Researchers shouldn’t be threatened or intimidated when speaking out about evidence for the public good. Who would disagree? But what about when that evidence pertains to a highly contested political or social issue? What if the evidence isn’t what we expected or lends support to views we don’t like? How do we feel then?

The John Maddox Prize, awarded this week, recognises the courage of those who continue not only to do their research but also to share their results with the public even when it goes against the grain of received wisdom and provokes intimidation.

This year’s winners are both medical researchers who stood up for science against commercial vested interests. The 2023 prizewinner, Nancy Olivieri, is a Canadian haematologist who was fired from her position at Toronto’s SickKids Hospital in the 1990s and endured strategic lawsuits against public participation (Slapps) filed by the drug company Apotex after publishing findings indicating that a medicine used to remove excess iron in patients with thalassaemia major was toxic. This harassment culminated in Olivieri’s referral to the College of Physicians and Surgeons of Ontario (CPSO) by the hospital (which had received a large donation from Apotex) in an attempt to revoke her medical licence. Instead, the CPSO ruled that her advocacy for patients had been “commendable”.

Meanwhile, the early career award is given to Chelsea Polis, a senior scientist of epidemiology at the Population Council's Center for Biomedical Research at Rockefeller University in New York. She was sued in 2021 by the medical device company Valley Electronics for publicly sharing her scientific and regulatory concerns around the marketing of the Daysy fertility device; her research ultimately led to the company’s misleading paper being retracted.

Researchers in middle-income countries have frequently been nominated for standing up to heavy-handed states since the Maddox Prize was founded in 2012, and they still need to do so. But in an era of social media and populism, the politics is getting ever messier.

Nominee Linda Guamán, director of the Biomedical Research Centre at Universidad UTE, Ecuador, is threatened with jail for alleged embezzlement over the efficacy of Covid-19 tests. In a highly politicised case targeting the former mayor of Quito, the prosecution claims that Guamán concealed the fact that 100,000 Covid-19 tests bought by Quito’s authorities were of inferior quality – despite the fact that they had been acquired before she came into office and that she had been the one to order the reviews of their efficacy.

Not all researchers face lawsuits or jail time, but many still face barriers to their work, perhaps even from colleagues or well-meaning interest groups or, more messily, online – from hostile audiences they have no connection to.

A handful of nominations in 2013 described having received nasty comments on social media, but hatchet jobs by the established media were a much greater concern. By contrast, nominations for the 2023 prize describe orchestrated campaigns to get people fired, with journalists sometimes the ones to rescue the research voice from the melee. All this creates a general anxiety in today’s research community: the fear of controversy.

Some of this year’s nominees conspicuously overcame that anxiety. Shabir Madhi, professor of vaccinology at the University of the Witwatersrand, is a case in point. He was shortlisted for challenging the suitability of lockdowns for South Africa during the Covid-19 pandemic and insisting that policies be based on regional dynamics – in spite of international pressure, much of it online, to adopt standard global lockdown protocols.

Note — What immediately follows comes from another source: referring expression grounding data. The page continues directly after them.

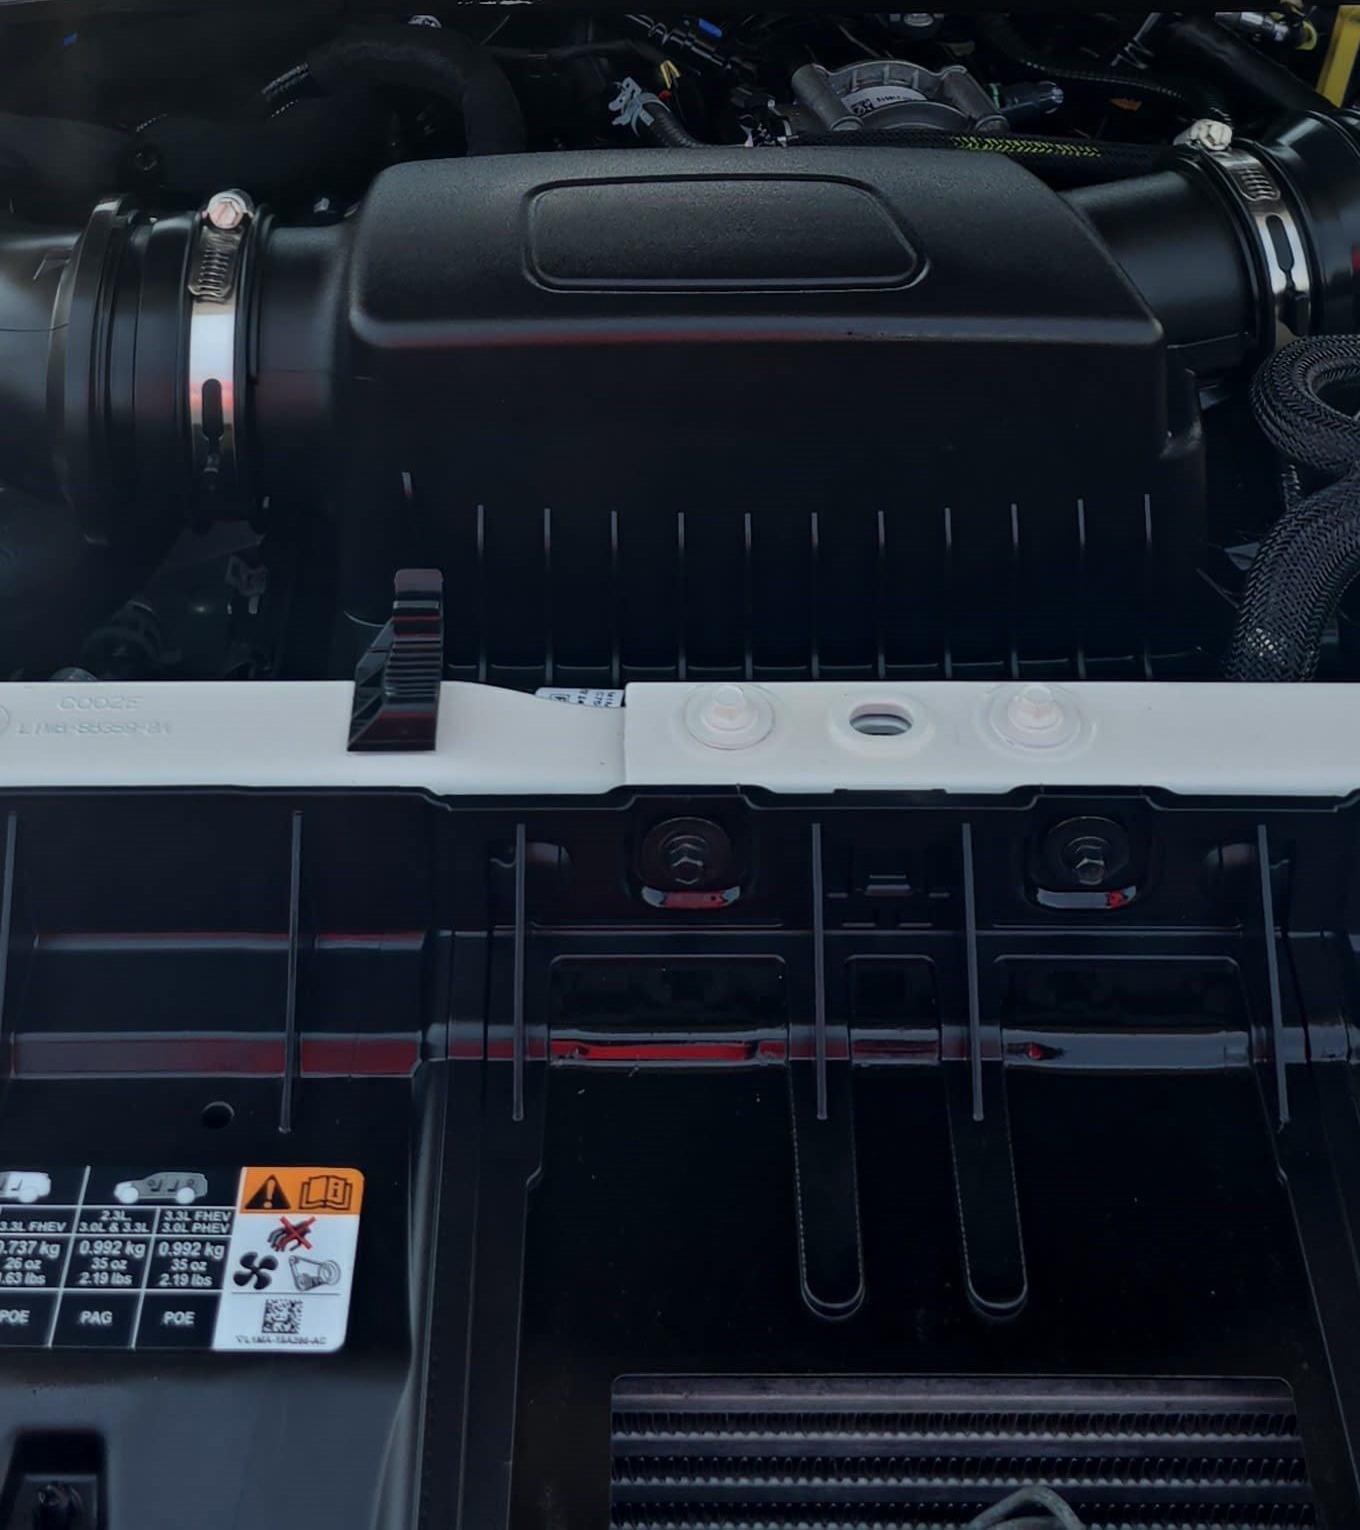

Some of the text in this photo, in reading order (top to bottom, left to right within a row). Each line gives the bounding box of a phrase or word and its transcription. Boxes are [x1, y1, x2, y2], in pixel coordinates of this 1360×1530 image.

[163, 1210, 232, 1222] 3.3L FHEV
[27, 1221, 67, 1232] FHEV
[78, 1222, 150, 1233] 3.0L & 3.3L
[161, 1222, 230, 1234] 3.0L PHEV
[39, 1241, 61, 1259] kg
[78, 1240, 146, 1259] 0.992 kg
[158, 1241, 225, 1260] 0.992 kg
[4, 1257, 42, 1270] 26 oz
[90, 1257, 128, 1270] 35 oz
[170, 1258, 208, 1271] 35 oz
[24, 1272, 46, 1285] lbs
[78, 1272, 133, 1285] 2.19 lbs
[158, 1273, 213, 1287] 2.19 lbs
[79, 1310, 114, 1324] PAG
[162, 1311, 196, 1325] POE

In the US, Peter Hotez, professor of paediatrics and molecular virology and microbiology at Baylor College of Medicine in Texas, was shortlisted for far-reaching efforts to explain the science behind vaccination and for explaining why this can’t be decided in a personality contest with vaccine sceptic Robert F. Kennedy Jr.

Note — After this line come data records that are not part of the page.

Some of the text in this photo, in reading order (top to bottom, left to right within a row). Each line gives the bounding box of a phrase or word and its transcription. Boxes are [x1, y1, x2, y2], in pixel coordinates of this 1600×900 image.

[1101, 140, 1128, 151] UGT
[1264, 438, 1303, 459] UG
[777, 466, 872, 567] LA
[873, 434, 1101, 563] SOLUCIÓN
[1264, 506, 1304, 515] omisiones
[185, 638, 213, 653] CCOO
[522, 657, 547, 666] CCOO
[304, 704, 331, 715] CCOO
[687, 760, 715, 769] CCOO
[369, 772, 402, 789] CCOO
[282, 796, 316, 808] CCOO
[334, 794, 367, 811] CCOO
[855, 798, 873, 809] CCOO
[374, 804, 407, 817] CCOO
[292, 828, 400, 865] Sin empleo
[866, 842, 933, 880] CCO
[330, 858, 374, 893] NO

And working in perhaps today’s most emotionally charged research field, Helen Joyce was shortlisted for her courage in raising the importance of biological sex differences in health and social research, advocating for researchers to be able to share findings openly and safely.

Notwithstanding these admirable examples, my fear, shared by colleagues and my fellow Maddox Prize judges, is that researchers may begin their work by trying to second-guess which questions might cause a negative reaction or which results might not play out well in public or with powerful interests. They may go so far as to explore research questions in a coded way to avoid triggering early interventions or debate, or to decline from widely communicating their findings.

When she received her award, Oliveri said, “We should create a situation in science where whistleblowers are not necessary.” It’s heartening that some universities, publishers and funders are now asking what more they should do to protect the space to talk openly about research. But we all need to recognise that if we want research that we can rely on – if we want to hear about risks and opportunities, new insights and things that aren’t working as expected – then we must do what we can to shape a society that permits it.

We must create and nurture the space for that research to be done – and that includes acknowledging that science will always throw up findings we don’t like.

Tracey Brown is director of Sense about Science, an independent charity that promotes the public interest in evidence. The John Maddox Prize for courageously advancing public discourse with sound science is awarded jointly by the journal Nature and Sense about Science.